### Exercise instructions
Images are to be left out when the records below are printed word for word.

### Task input
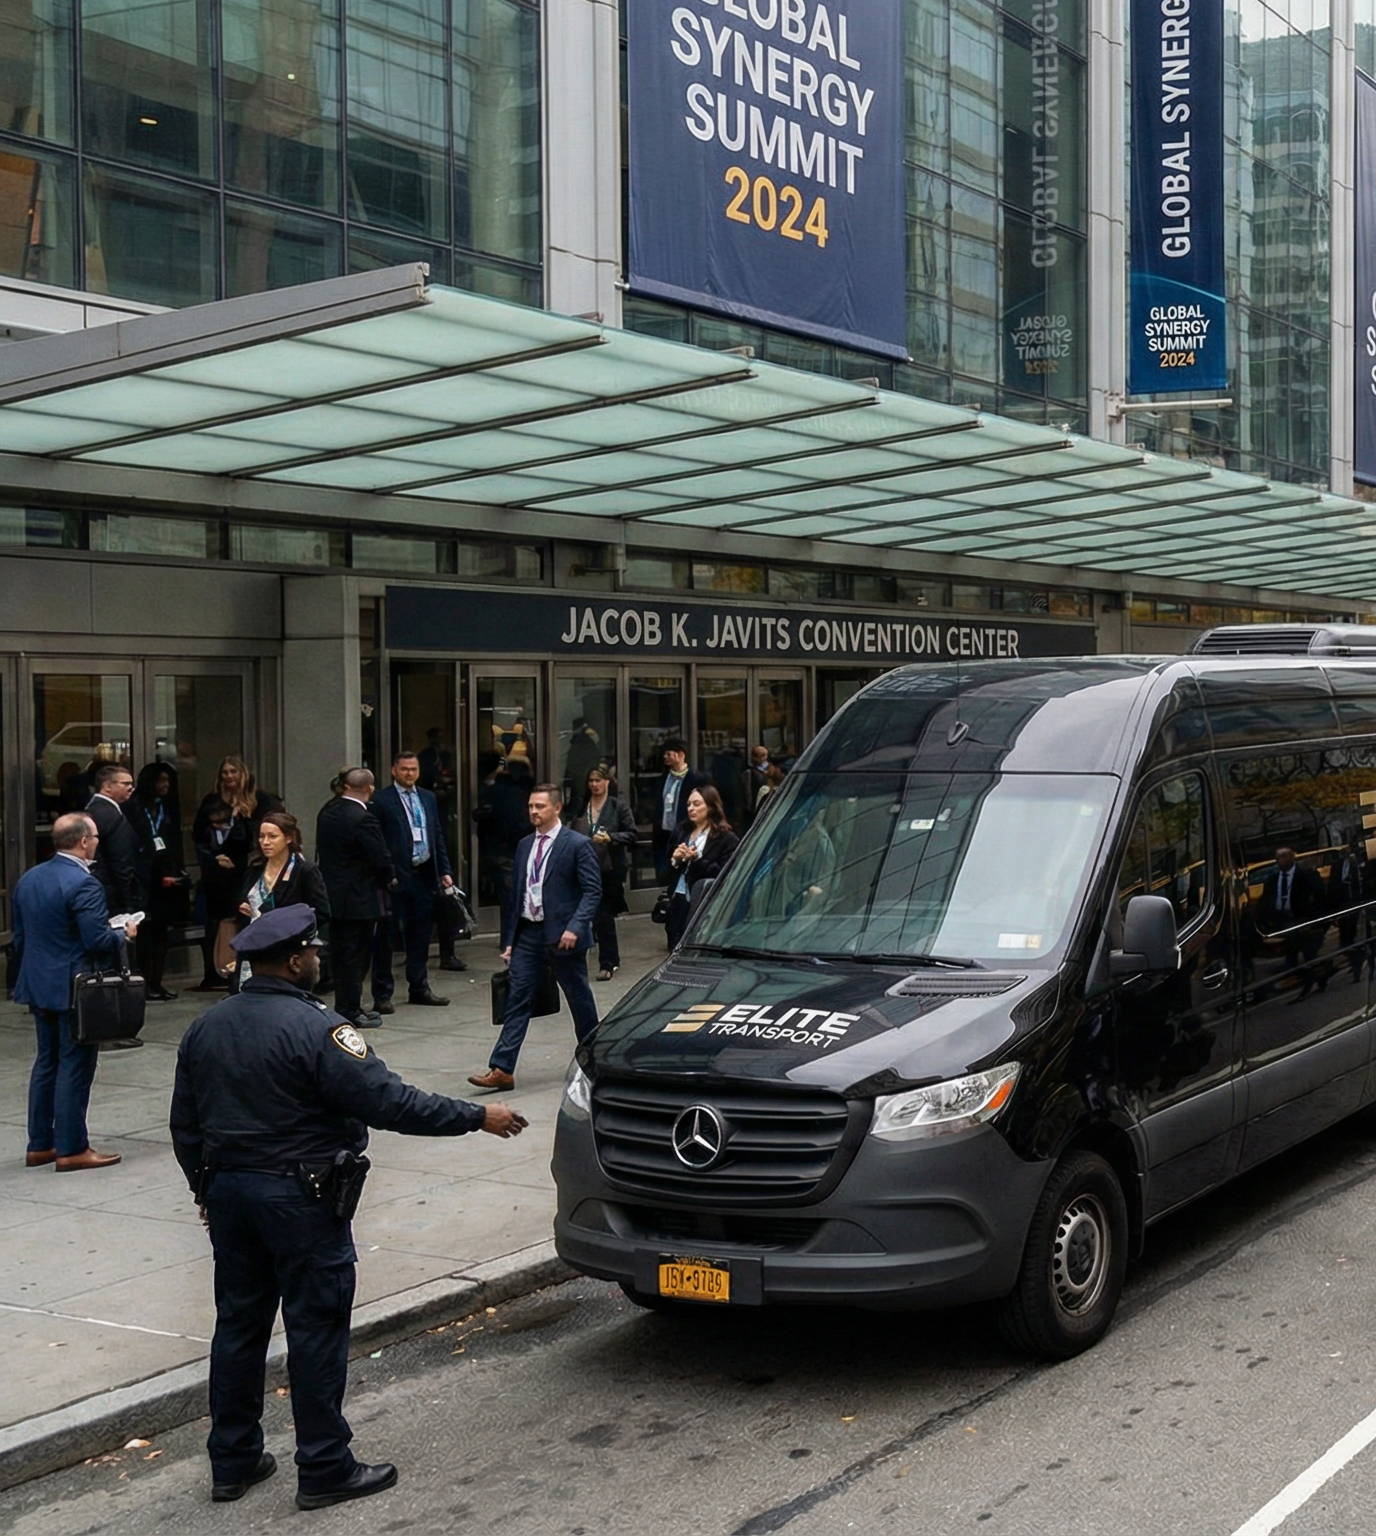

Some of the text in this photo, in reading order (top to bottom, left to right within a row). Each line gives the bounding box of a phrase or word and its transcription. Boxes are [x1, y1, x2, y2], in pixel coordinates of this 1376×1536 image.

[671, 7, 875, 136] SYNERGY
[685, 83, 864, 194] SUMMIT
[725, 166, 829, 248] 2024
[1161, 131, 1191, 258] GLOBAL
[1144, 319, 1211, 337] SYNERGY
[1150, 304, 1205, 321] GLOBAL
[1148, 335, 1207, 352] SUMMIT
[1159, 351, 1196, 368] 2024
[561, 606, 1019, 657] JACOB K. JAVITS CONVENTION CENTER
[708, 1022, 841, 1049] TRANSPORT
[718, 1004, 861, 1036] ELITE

### Response box
Some of the text in this photo, in reading order (top to bottom, left to right within a row). Each line gives the bounding box of a phrase or word and its transcription. Boxes are [x1, y1, x2, y2], in pixel coordinates of this 1376×1536 image.

[671, 7, 875, 136] SYNERGY
[685, 83, 864, 194] SUMMIT
[725, 166, 829, 248] 2024
[1161, 131, 1191, 258] GLOBAL
[1144, 319, 1211, 337] SYNERGY
[1150, 304, 1205, 321] GLOBAL
[1148, 335, 1207, 352] SUMMIT
[1159, 351, 1196, 368] 2024
[561, 606, 1019, 657] JACOB K. JAVITS CONVENTION CENTER
[708, 1022, 841, 1049] TRANSPORT
[718, 1004, 861, 1036] ELITE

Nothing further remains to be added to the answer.